Petite connasse qui passe devant toi, qui te fait un petit sourire qui dit : "pardon, je passe devant toi, hi hi". Toi tu la regardes et tu lui fais ton petit sourire n°18 qui dit "bin non petite connasse, tu passeras pas devant moi parce que d'une, tu n'as pas demandé (un sourire à la con rose bonbon ne suffisant pas) et que de deux, je connais l'astuce qui consiste à ensuite appeler tes dix-huit copines" puis, tu lui tires les cheveux pour la contraindre à baisser la tête et d'un petit coup violent mais très pertinent du genoux, tu lui pètes le nez et bien une ou trois dents. À la fin de la soirée, une femme de ménage la ramasse "oh bin tiens, c'est la petite connasse à gros seins qui appelle toujours ses dix-huit copines pendant les concerts" et la fout à la poubelle. Elle se retrouvera quelques heures plus tard, la petite connasse à gros seins, sur le terre-plein de la déchetterie de Nanterre à chanter :

They dumped her body into the molten light

Floated to the surface and it did not ignite

She rose up slowly and walked to the shore

She stood up on the banj and whispered

I'll find you and I'll kill you

I'll find you and I'll kill you

I'll find you and I'll kill you

I'll find you and I'll kill you

JE NE SUIS PAS MYSOGINE : mes personnages masculins sont des cons, mes personnages féminins, des idiotes. Et la petite connasse à gros seins se trouve être une fille dans cette histoire-ci, je n'y peux rien.

Parfois tu te surprends à avoir ce regard qui juge l'entrejambe de l'homme assis, et cela au travers d'un jean ou d'un vulgaire pantalon de toile. Et tu penses à la tienne et tout d'un coup, vous êtes connectés. Sauf que lui ne le sait pas.

Après tu considères : cet endroit en haut à droite que pourrait atteindre ta main lors d'un bras tendu est désormais la propriété d'un certain Hitler qui, très intelligemment, a fait de ce lieu, sa marque déposée. Ce n'est plus la place où tu désignes quelque chose là-bas au loin, ce n'est plus la place où tu prends autre chose sur l'étagère du haut, non, c'est le lieu du Heil. Point. Y'a plus le choix, c'est comme ça.
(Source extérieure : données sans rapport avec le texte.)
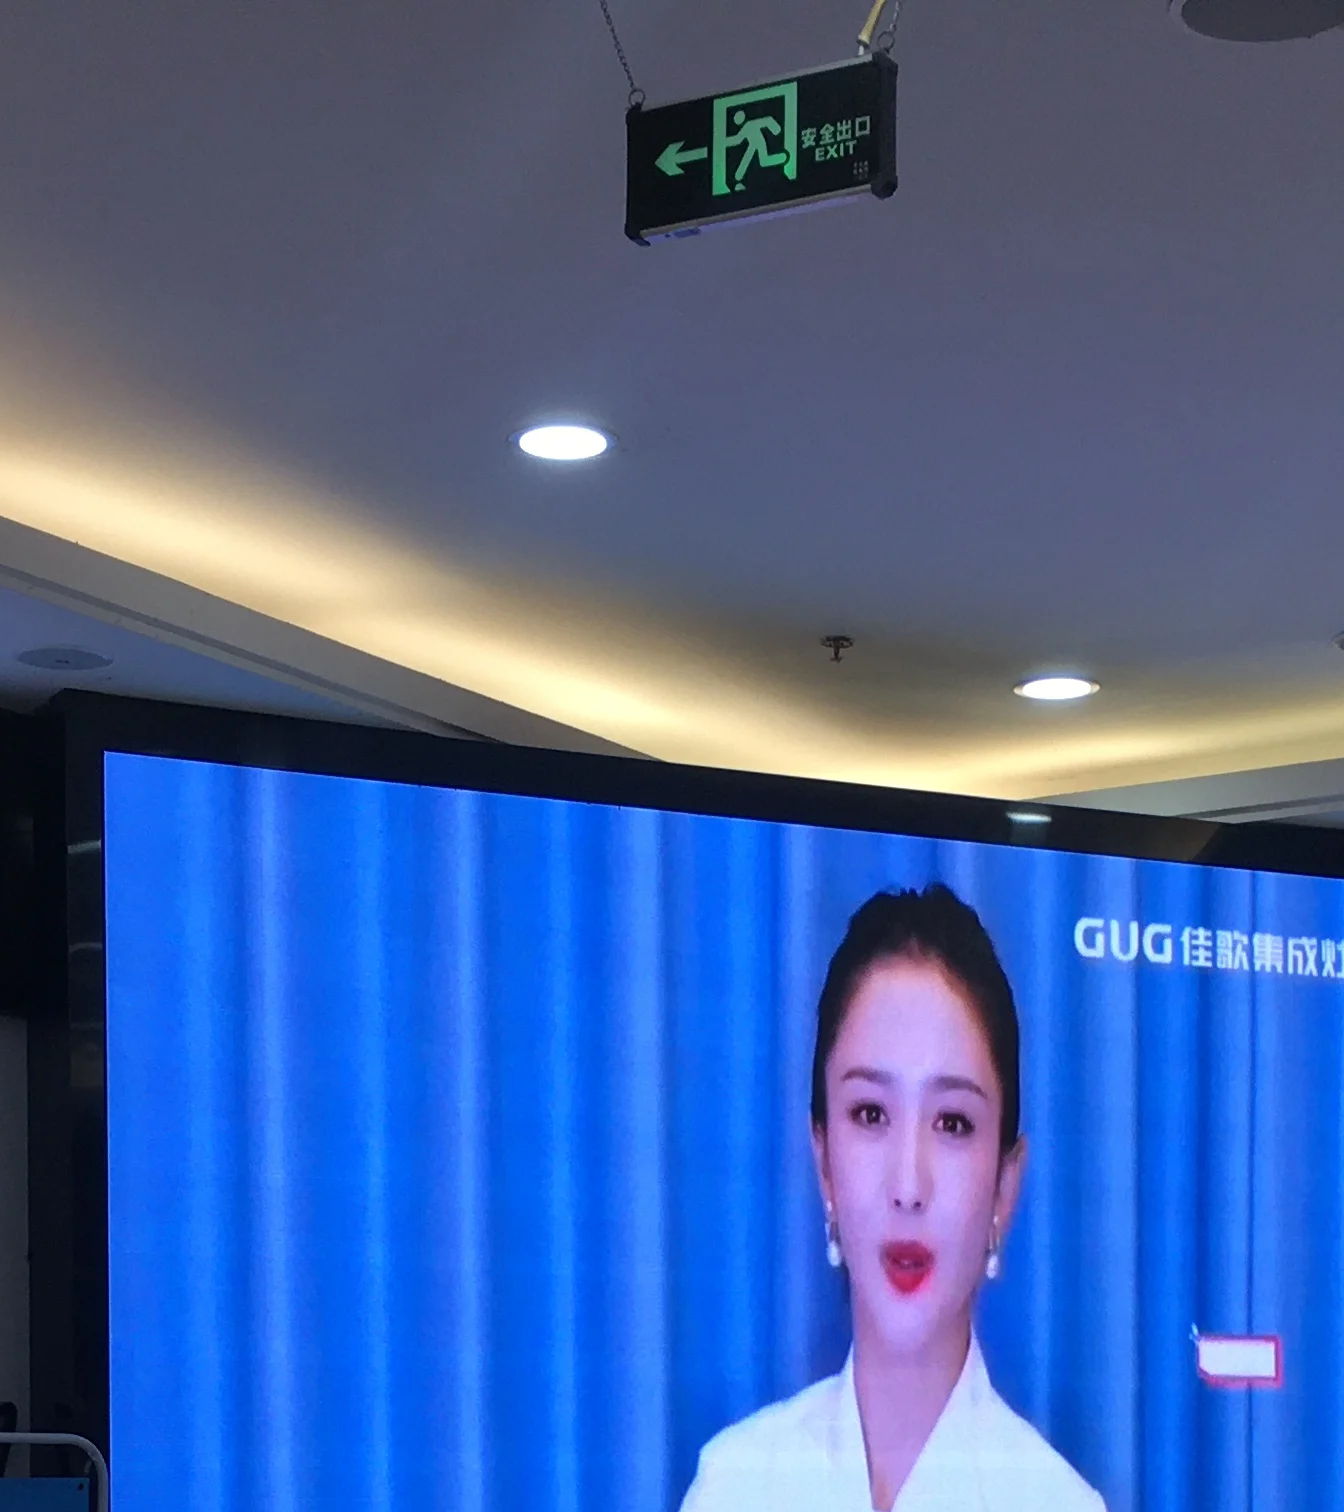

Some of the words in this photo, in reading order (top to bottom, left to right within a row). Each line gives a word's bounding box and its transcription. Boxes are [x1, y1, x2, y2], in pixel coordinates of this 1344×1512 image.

[801, 115, 870, 148] 安全出口
[815, 140, 857, 161] EXIT
[1074, 917, 1172, 963] GUG
Y'a ce gars qui joue de la guitare et qui chante et qui ressemble à Gonzalo Cunill du Golgota Picnic de Garcia, le Gonzallo Cunill qui collait les cheveux de sa partenaire sur son ventre, ses couilles, son torse. Sauf qu'ici le gars qui joue de la guitare et qui chante ne colle pas les cheveux de son partenaire sur son ventre, ses couilles, son torse. Non. Il se contente de jouer de la guitare et il chante.
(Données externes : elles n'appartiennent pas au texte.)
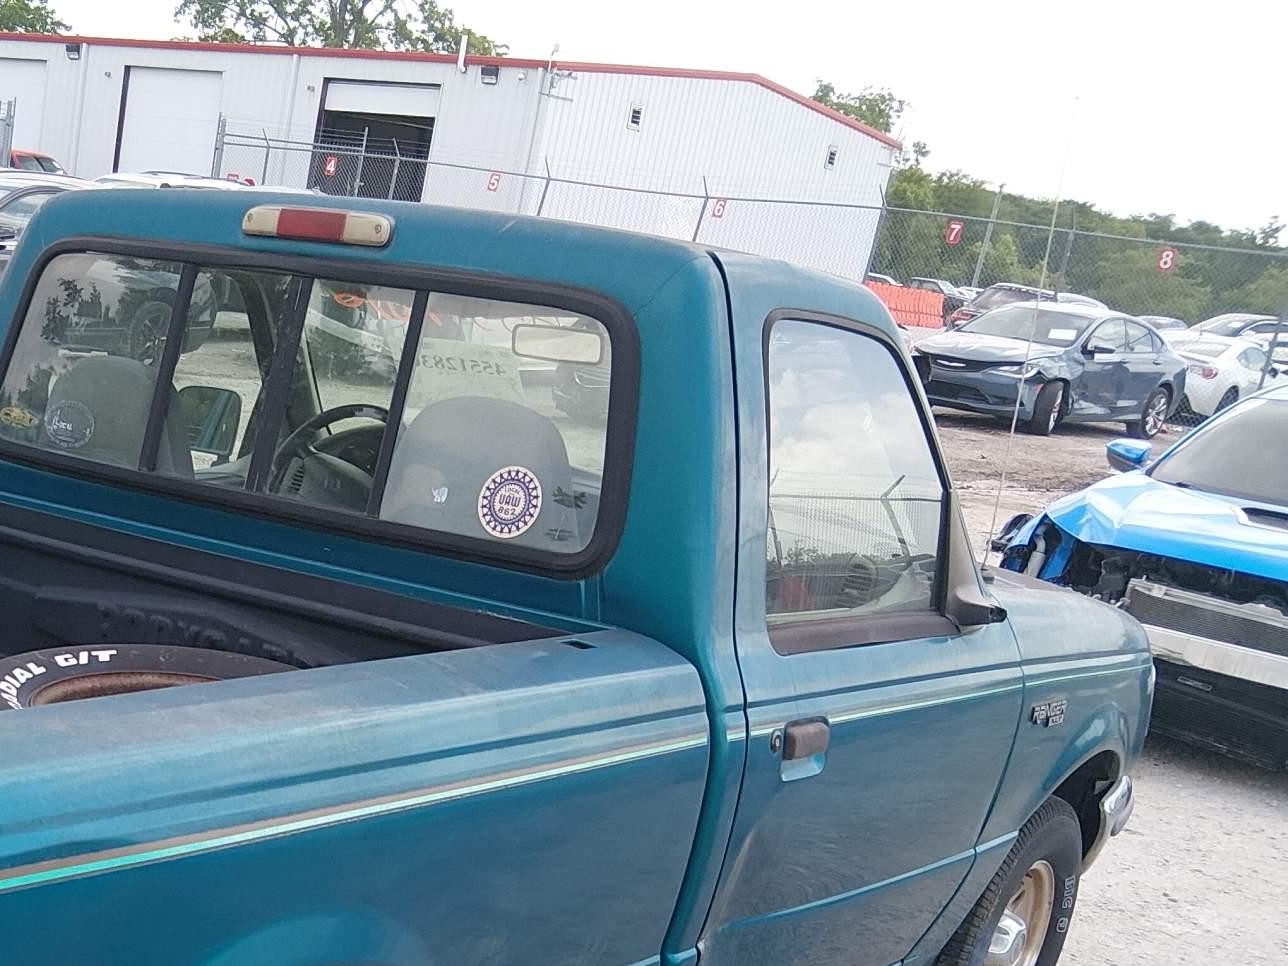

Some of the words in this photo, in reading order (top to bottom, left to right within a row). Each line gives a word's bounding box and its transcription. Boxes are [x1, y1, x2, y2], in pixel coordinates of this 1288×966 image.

[326, 159, 336, 173] 4
[489, 176, 499, 190] 5
[714, 201, 724, 217] 6
[949, 224, 961, 241] 7
[1160, 251, 1173, 269] 8
[498, 494, 521, 507] UAW
[497, 506, 518, 516] 862
[55, 650, 118, 667] G/T
Les ours regardent pas droit dans les yeux, non, ils regardent par terre parce qu'ils n'ont pas conscience. Il fut un temps où, d'un grognement, ils faisaient fuir mais maintenant, c'est différent. Ils n'ont pas confiance en eux et ils ont vieilli : leurs tempes grisonnent, ils sont dégarnis. Leur poil et rêche ne suffisent plus. Ils n'ont plus d'assurance : ils fuient. Ils dévient et leur torse tombe quand avant bombe. Ils tordent la lumière autour d'eux. Home écrit en rouge sur une guitare ça veut dire : cachette, protection. Tout ça vient sur rien, ils fondent des foyers : les rivières sont désormais vides de tout saumon et on trouve désormais les poissons gras en supermarché, limite rouges dans leur sachet fraîcheur et sous-vide, gavés de sorte de krill coloré, tout raidis, les saumons congelés, et ils grandissent sous hormones empilés les uns sur les autres dans des filets alvéolés. Et les ours déambulent, hagards, dans les travées, autour des bacs à surgelés. Les griffes continuent de pousser mais elles ne s'éliment plus. La télécommande. La bière. Le Super Bowl. Alors ils chantent par dessus, avec une gratte.
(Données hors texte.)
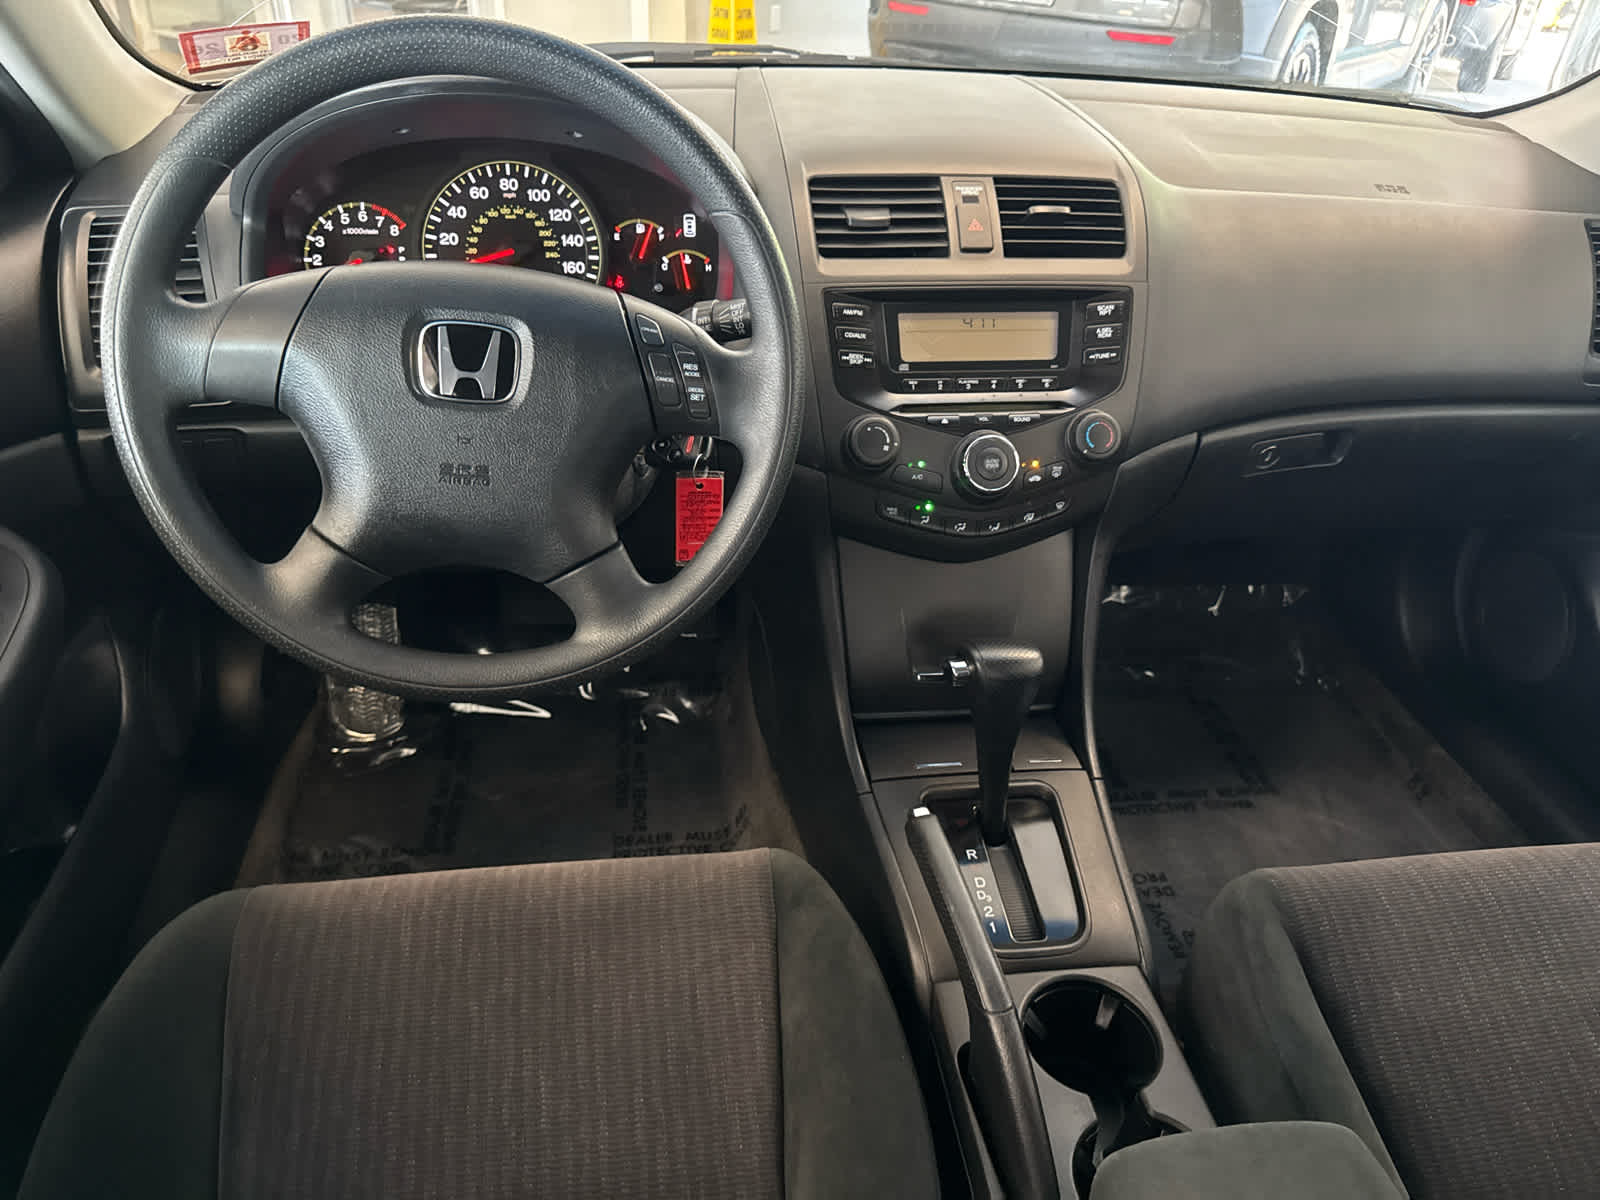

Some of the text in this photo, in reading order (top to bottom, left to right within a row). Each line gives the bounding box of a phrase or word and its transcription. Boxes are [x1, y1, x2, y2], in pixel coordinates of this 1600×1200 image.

[499, 178, 518, 191] 80
[469, 187, 489, 199] 60
[527, 189, 550, 201] 100
[340, 213, 350, 225] 5
[357, 210, 368, 222] 6
[447, 206, 467, 219] 40
[549, 209, 572, 222] 120
[323, 219, 334, 232] 4
[375, 215, 385, 228] 7
[389, 224, 400, 237] 8
[314, 234, 326, 248] 3
[439, 233, 459, 246] 20
[560, 234, 584, 248] 140
[312, 253, 323, 266] 2
[562, 261, 585, 275] 160
[682, 362, 699, 371] RES
[655, 375, 676, 384] CANCEL
[690, 393, 705, 401] SET
[911, 473, 924, 481] A/C
[965, 848, 979, 861] R
[973, 876, 987, 889] D
[983, 905, 996, 918] 2
[988, 920, 997, 934] 1
Les hommes peuvent faire semblant d'allaiter et se faire téter le téton en toute innocence, seulement quelques poils ou je sais pas. Que raconter de plus après ça ? Les bébés seront traumatisés, c'est certain. Prétendre le contraire, c'est pffffui...

Oh mais sinon, tu sais, je t'ai vu lors de la première partie, puis je t'ai vu, lors de la seconde. Ne crois pas que je ne t'ai pas remarqué. Si je ne t'ai pas suivi ensuite, c'est que parce que, j'avais bien d'autres choses à faire, des gens à voir, une foule d'occupations qui ne te concernaient pas, ça n'a rien à voir avec une sorte de timidité ou bien une incapacité à répondre à des appels si simples, oh non... tiens, je te présente la petite connasse à gros seins, peut-être pourrez-vous conclure quelque chose d'ici la fin de la soirée... Moi je m'en vais, j'ai à discuter avec le gobelet écrasé qui jonche le sol.

Hier soir, on a sorti les pères de famille. C'est comme si j'avais vieilli d"un coup d'un seul. Les chanteurs sont assis. Ils donnent le biberon. Ils sont très bien mariés et heureux. Ils sont à la tête d'une grande tribu qui fait comme une lèvre gercée. Les bébés seront traumatisés, c'est certain. Prétendre le contraire, c'est pffffui...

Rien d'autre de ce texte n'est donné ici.